Church leaders interested in getting involved can visit the event’s Website at www.balmingilead.org.

Rev. W. Franklyn Richardson, senior pastor of the Grace Baptist Church in Mount Vernon, N.Y. agrees that stigmas have stymied AIDS education.

“Suspicions, misinformation, interpretations of God’s vengeance for sin corrupted the church’s ability to have an appropriate response,” says Richardson. ''But over time, information has gotten out on HIV/AIDS, how it is passed on. Light has helped disperse the darkness.''

Richardson will be just one of the prominent voices at the conference this year.

When Seele held her first Balm in Gilead conference in New York in 1989, only 50 churches participated, This year, she is expecting between 15,000 and 20,000 Black church-based AIDS ministry teams.

Some of the most prominent voices from America’s Black churches have committed to attend.

They include: Bishop Gregory G.M. Ingram, president, Council of Bishops, African Methodist Episcopal Church; Bishop George W.C. Walker, senior bishop, African Methodist Episcopal Zion Church; Bishop Marshall Gilmore, senior bishop, Christian Methodist Episcopal Church; Rev. Stephen John Thurston, president; National Baptist Convention of America; Rev. Dr. Major Lewis Jemison, president, Progressive National Baptist Convention; Rev. Dr. William J. Shaw, president, National Baptist Convention, USA; Rev. Dr. Arlee Griffin, president, American Baptist Churches, USA; and the Rev. Canon Nelson Pinder, president, Union of Black Episcopalians.

“Education is the most important key in eliminating this dreaded disease,” says Walker, senior bishop, AME Zion Church, in a statement. “And the church is certainly one major medium through which this can be accomplished over a period of time.”

The focus of discussions about the cause of AIDS has changed over the years and broadened outside of the homosexual community to involve the majority of church congregations, says Seele.

“Eighty percent of all women affected with HIV in this country today are Black women. And they’re getting it from heterosexual sex,” she says. “Where Black women are affected, children are affected, where the family is affected, the community is affected.”

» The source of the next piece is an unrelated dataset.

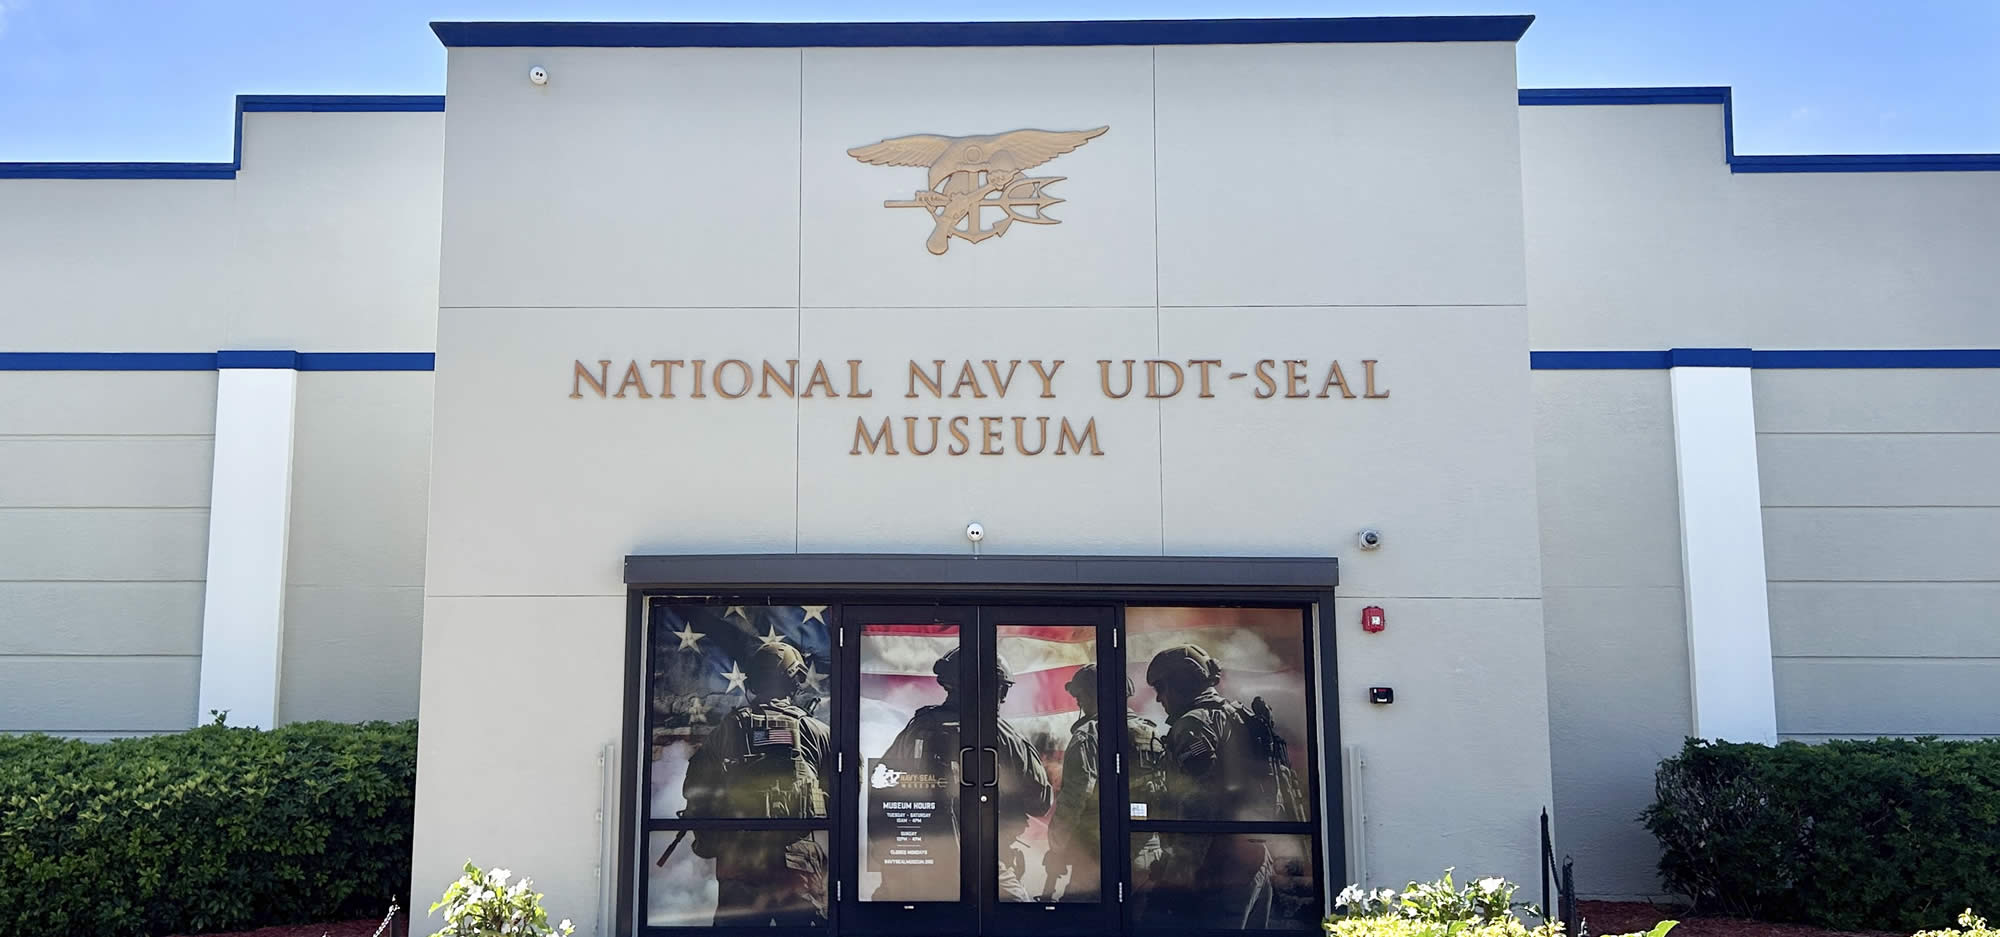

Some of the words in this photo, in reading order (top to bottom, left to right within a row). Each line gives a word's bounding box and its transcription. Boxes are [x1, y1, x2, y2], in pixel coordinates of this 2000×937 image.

Whereas the taboos used to be about homosexuality, there are now reservations about the cause of the HIV growth in Black women, says Seele.

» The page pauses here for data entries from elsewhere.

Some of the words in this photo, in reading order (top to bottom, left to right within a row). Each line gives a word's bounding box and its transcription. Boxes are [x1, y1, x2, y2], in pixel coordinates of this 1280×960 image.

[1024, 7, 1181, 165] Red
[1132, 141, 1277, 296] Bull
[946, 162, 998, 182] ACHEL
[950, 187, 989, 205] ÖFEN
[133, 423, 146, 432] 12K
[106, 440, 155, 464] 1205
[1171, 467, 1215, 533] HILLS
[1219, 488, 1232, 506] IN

“We are dealing with multiple sex partners with men who are married, men who are in the church,” she says. “We are talking about bi-sexual men, men who are married, who are in the church, who are deacons, who are pastors. So, we’re not just talking about, you know, the negative ‘down low brother.’ We’re talking about the reality of life. Just the gentlemen who are the leaders in our community.”

The Center for Disease Control and Prevention reports that AIDS is the fourth-leading cause of death among women ages 25-44 in America; the leading cause of death among African-American women ages 25 to 34; the fifth largest leading cause of death for people 25-44 years old in the United States, and the leading cause of death for African-American men ages 35-44.

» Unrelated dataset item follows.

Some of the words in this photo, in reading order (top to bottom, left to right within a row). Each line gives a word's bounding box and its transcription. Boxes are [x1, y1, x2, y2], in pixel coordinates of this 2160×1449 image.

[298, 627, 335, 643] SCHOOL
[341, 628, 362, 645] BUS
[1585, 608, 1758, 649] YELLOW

Even as the statistics are well saturated in the community and the Balm participation numbers have increased, there is still not enough education in the Black church, says Richardson.

“Still, the place where we are today is not where we need to be,” he says. “It’s a place of more knowledge, but it’s still a place of apathy. And also still a place of whispering, a place of discrimination that helps to foster and add to the numbers…Transparency, speaking out about it will help cut back the affect of HIV/AIDS.”